One of the mechanisms by which all‐trans retinoic acid (ATRA) has been shown to suppress the growth of CAOV3 ovarian carcinoma cells involves an increase in the accumulation of Rb2/p130 protein, a member of the retinoblastoma family of tumor suppressors. This increase in accumulation of RB2/p130 by ATRA results from increased stability of Rb2/p130 protein as a result of an increase in dephosphorylation of the protein by the serine/threonine phosphatase PP2A. We show that upon ATRA treatment, PP2A interacts with the Rb2/p130 C‐terminus and specifically dephosphorylates two residues (S1080 and T1097) adjacent to NLS1 and NLS2 of Rb2/p130. Moreover, co‐immunoprecipitation studies reveal that Rb2/p130 can form a complex with the nuclear transport proteins, importin α and importin β, binding to the same dephosphorylated NLS1 and NLS2 sites. Finally, mutation of S1080 and T1097 results in retension of Rb2/p130 in the cytoplasm.
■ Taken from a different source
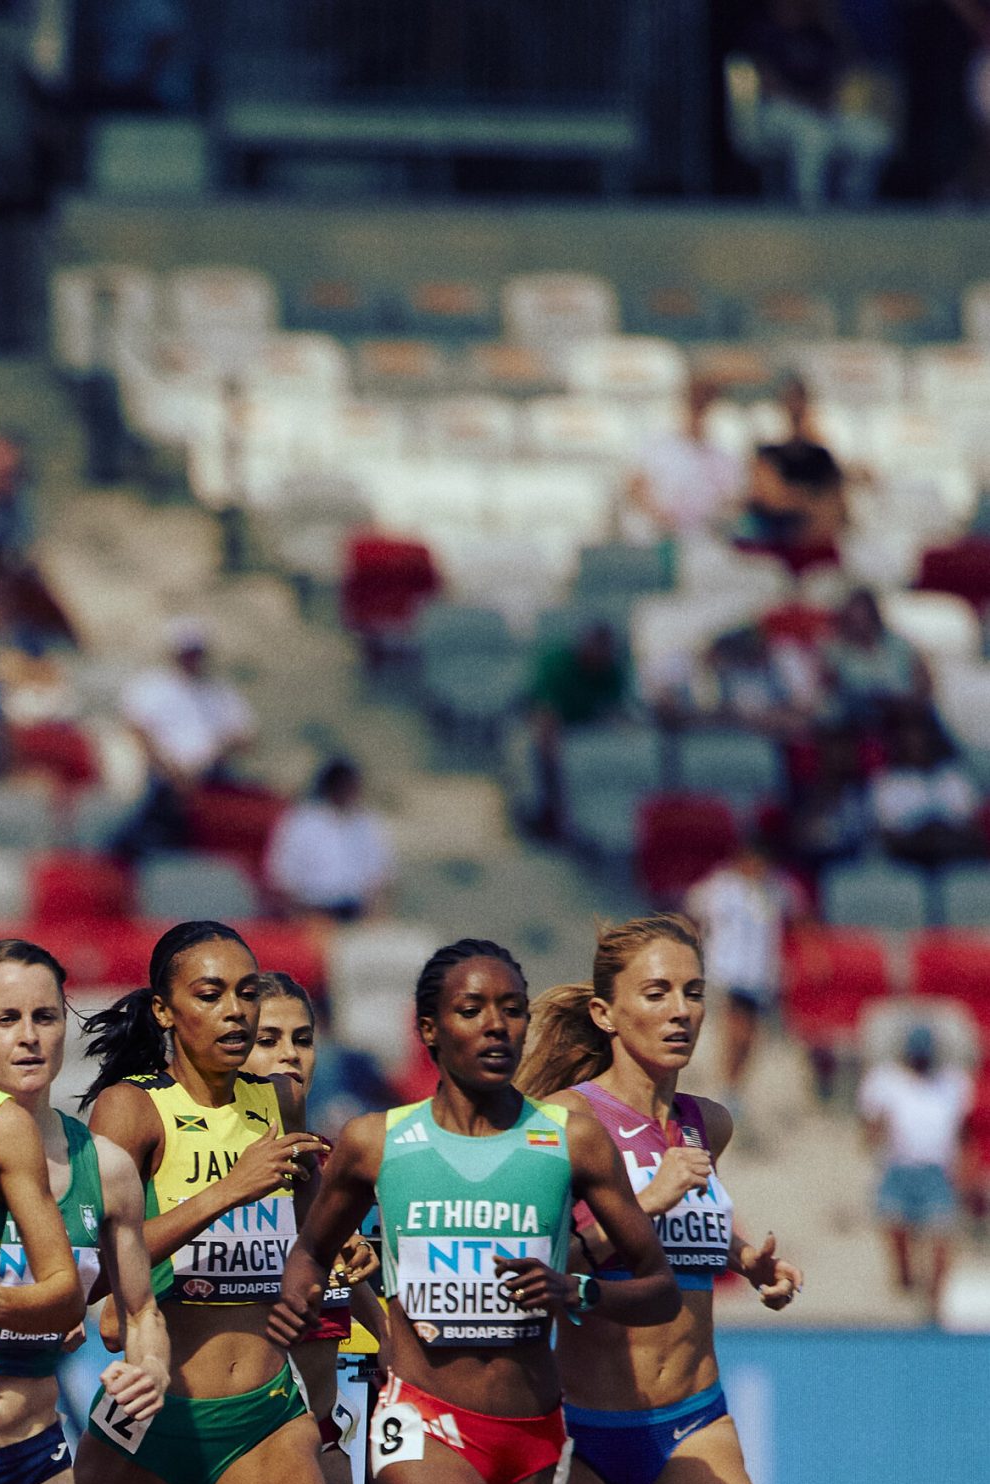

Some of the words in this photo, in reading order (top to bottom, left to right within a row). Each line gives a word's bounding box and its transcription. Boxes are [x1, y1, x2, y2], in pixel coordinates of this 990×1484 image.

[407, 1200, 539, 1233] ETHIOPIA
[188, 1239, 289, 1273] TRACEY
[406, 1281, 528, 1315] MESHES
Our studies suggest that one mechanism by which ATRA treatment of CAOV3 cells induces G0/G1 arrest involves the recruitment of PP2A to the C‐terminus of Rb2/p130, resulting in the dephosphorylation of the S1080 and T1097 adjacent to the NLS and the subsequent interaction of Rb2/p130 with importins leading to transport of the Rb2/p130 to the nucleus where it inhibits cell‐cycle progression. J. Cell. Physiol. 226: 1027–1034, 2011. © 2010 Wiley‐Liss, Inc.